Washington State has so much to offer it’s residents and visitors and I had some fun sharing my home state with my niece and her husband over the last few days. I’m linking up to Have a Daily Cup of Mrs. Olsen’s Share Your Cup Thursday#107
Today I’m sharing our visit to the Hiram M. Chittenden Locks and the Charles S. English, Jr. botanical gardens known locally as the Ballard Locks.
We visited on Flag Day and it was nice to see the U.S. flag flying everywhere we went including on top to the Space Needle.
Construction of the Lake Washington Ship Canal and Hiram M. Chittenden Locks was completed in 1917 by the U.S. Army Corps of Engineers. Connecting the waters of Lake Washington, Lake Union, and Salmon Bay to the tidal waters of Puget Sound, the canal and locks allow recreational and commercial vessels to travel to the docks and warehouses of Seattle’s busy fresh water harbor.
It was fun to see a wedding party hurrying through the grounds.
I caught some photos in amidst the Salmon Waves art display just outside the Fish Ladder at the Locks. We were able to see a lot of salmon using the ladder on this day.
The complex of locks sit in the middle of Salmon Bay and are part of Seattle’s Lake Washington Ship Canal. They are known locally as the Ballard Locks after the neighborhood to their north. (Magnolia lies to the south.)

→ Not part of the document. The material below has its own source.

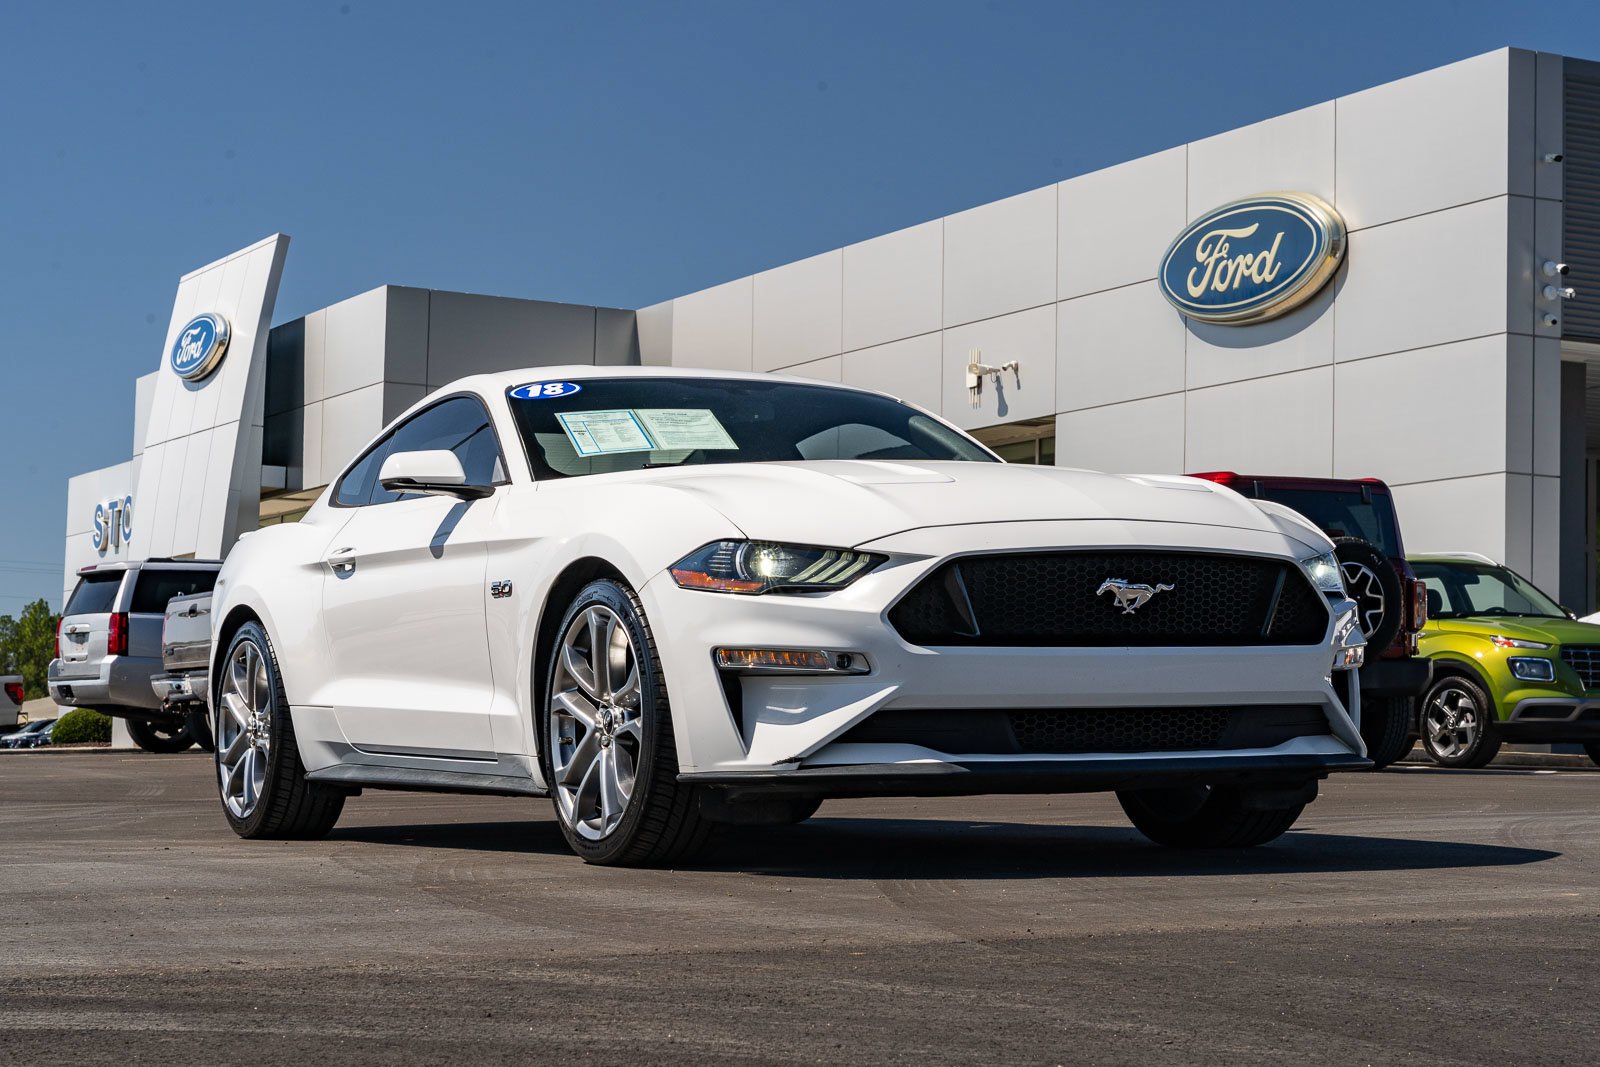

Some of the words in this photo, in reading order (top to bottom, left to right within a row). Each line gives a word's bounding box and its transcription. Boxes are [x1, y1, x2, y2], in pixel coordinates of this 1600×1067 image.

[1187, 223, 1285, 298] Ford
[176, 327, 206, 365] Ford
[526, 383, 564, 398] 18

The locks and associated facilities serve three purposes:
- To maintain the water level of the fresh water Lake Washington and Lake Union at 20 to 22 feet above sea level.
- To prevent the mixing of sea water from Puget Sound with the fresh water of the lakes (saltwater intrusion).
- To move boats from the water level of the lakes to the water level of Puget Sound, and vice versa.
The complex includes two locks, a small (30 x 150 ft, 8.5 x 45.7 meter) and a large (80 x 825, 24.4 x 251.5 meter). The complex also includes a (235-foot, 71.6 meter) spillway with six (32 x 12-foot (3.7 m), 9.8 x 3.7 meter) gates to assist in water-level control. A fish ladder is integrated into the locks for migration of anadromous fish, notably salmon.
Operated by the U.S. Army Corps of Engineers, the locks were formally opened on July 4, 1917, although the first ship passed on August 3, 1916. They were named after U.S. Army Major Hiram Martin Chittenden, the Seattle District Engineer for the Corps of Engineers from April 1906 to September 1908. They were added to the National Register of Historic Places in 1978.
It’s Thursday already and June is more than half over. We have a do nothing outside the home weekend except going to church and the Home Depot planned. Dear was waiting for a good dry day to pick up drywall from the big box store. I’ll be feeding my worker over the weekend while he chips away at his portion of responsibilities for the new bathroom. Yikes I might have to help hold up some drywall for the ceiling. I might need longer arms. What is going on in your corner of the world?